Chronic myeloid leukemia (CML) is a clonal disorder of primitive hematopoietic stem cells characterized by a reciprocal translocation between chromosomes 9 and 22. Animal models of CML would be useful to study the biology and potential therapies in this disease. Mice with severe combined immunodeficiency (SCID) which will accept human xenografts have been useful in the study of a variety of human malignancies. CML has been difficult to establish in SCID mice possibly due to the lack of a functioning human stroma and relevant cytokines. To facilitate engraftment we injected cells in matrigel which is a soluble extract of basement membranes; is liquid below 22 degrees C and gels at 37 degrees C. CD34+ myeloid blast crisis cells (2 x 10(6)) were mixed in matrigel and injected subcutaneously into 10 SCID mice. All mice developed large tumours which spread to the mouse BM and spleen. However the percentage of human cells in the mouse BM and spleen was variable and ranged from 1 to 50 per cent. In contrast chronic phase (CP) CML cells mixed in matrigel did not form subcutaneous tumours and spread to the BM and spleen was detectable by PCR and not macroscopically.

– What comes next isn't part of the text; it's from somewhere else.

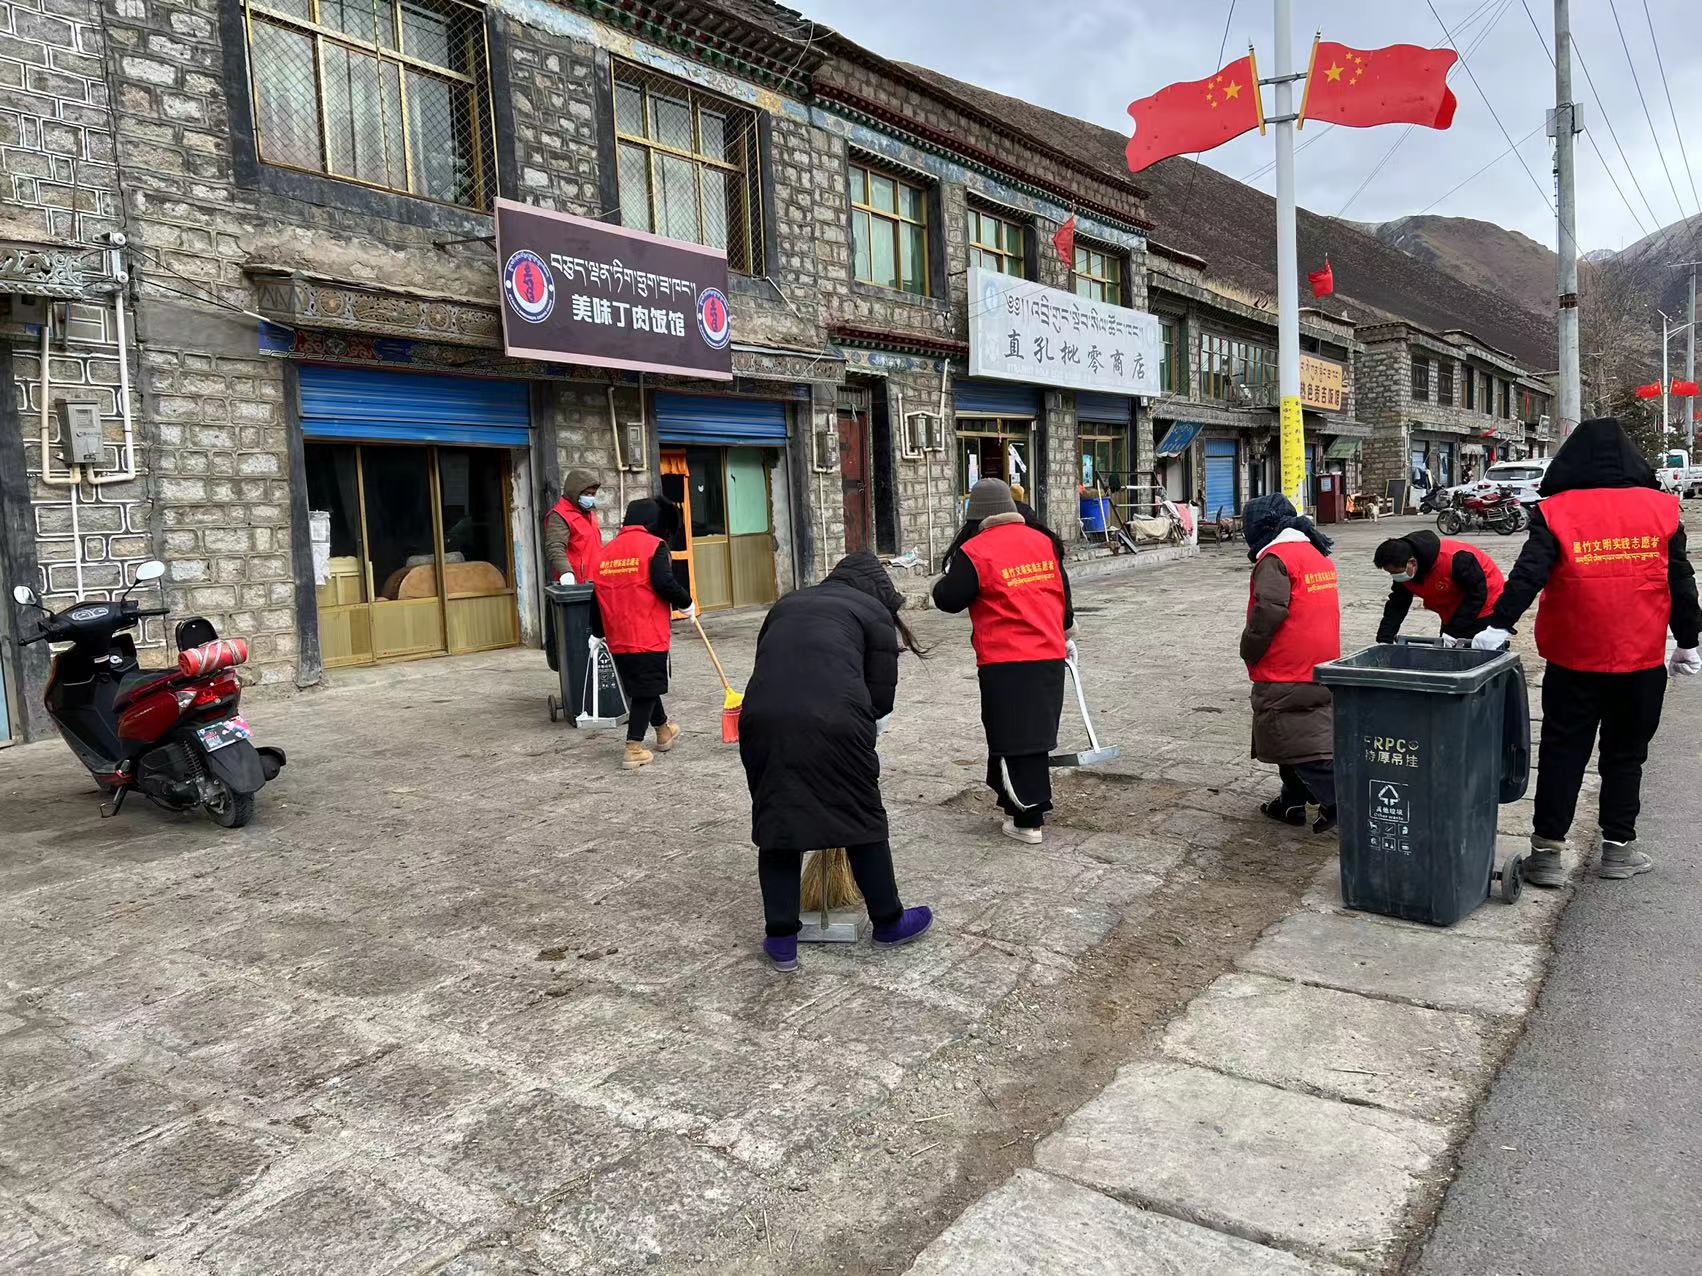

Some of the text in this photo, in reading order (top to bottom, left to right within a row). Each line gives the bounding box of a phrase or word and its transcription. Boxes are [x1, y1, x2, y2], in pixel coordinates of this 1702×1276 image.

Groups of mice were injected with matrigel containing 1-20 x 10(7) MNC (2-20 x 10(5) CD34+ cells) from five patients with CP CMP. Bcr-abl sequences were detected by RT-PCR in the peripheral blood (PB) of 38/84 (45 per cent) mice at 3-10 weeks following injection of the CML cells but rarely at later time points. In addition, 33/75 (44 per cent) of mice sacrificed between 7 and 35 weeks following injection of CML cells were bcr/abl positive in the bone marrow and 17/70 (24 per cent) were positive in the spleen. Bcr-abl positive human CFU-GM colonies were also cultured from the murine bone marrow of several mice indicating that hematopoietic progenitor cells were able to migrate from the matrigel and engraft in murine hematopoietic organs. Engraftment of CP-CML was more successful in mice given higher numbers of CD34+ cells. Histological examination revealed that myeloid cells grow locally in the matrigel for several weeks, during which time the matrigel is infiltrated by blood vessels which may allow for the migration of CML progenitors to the murine bone marrow. This model system may be useful for studying the role of immunotherapy after allogeneic and autologous bone marrow transplantation.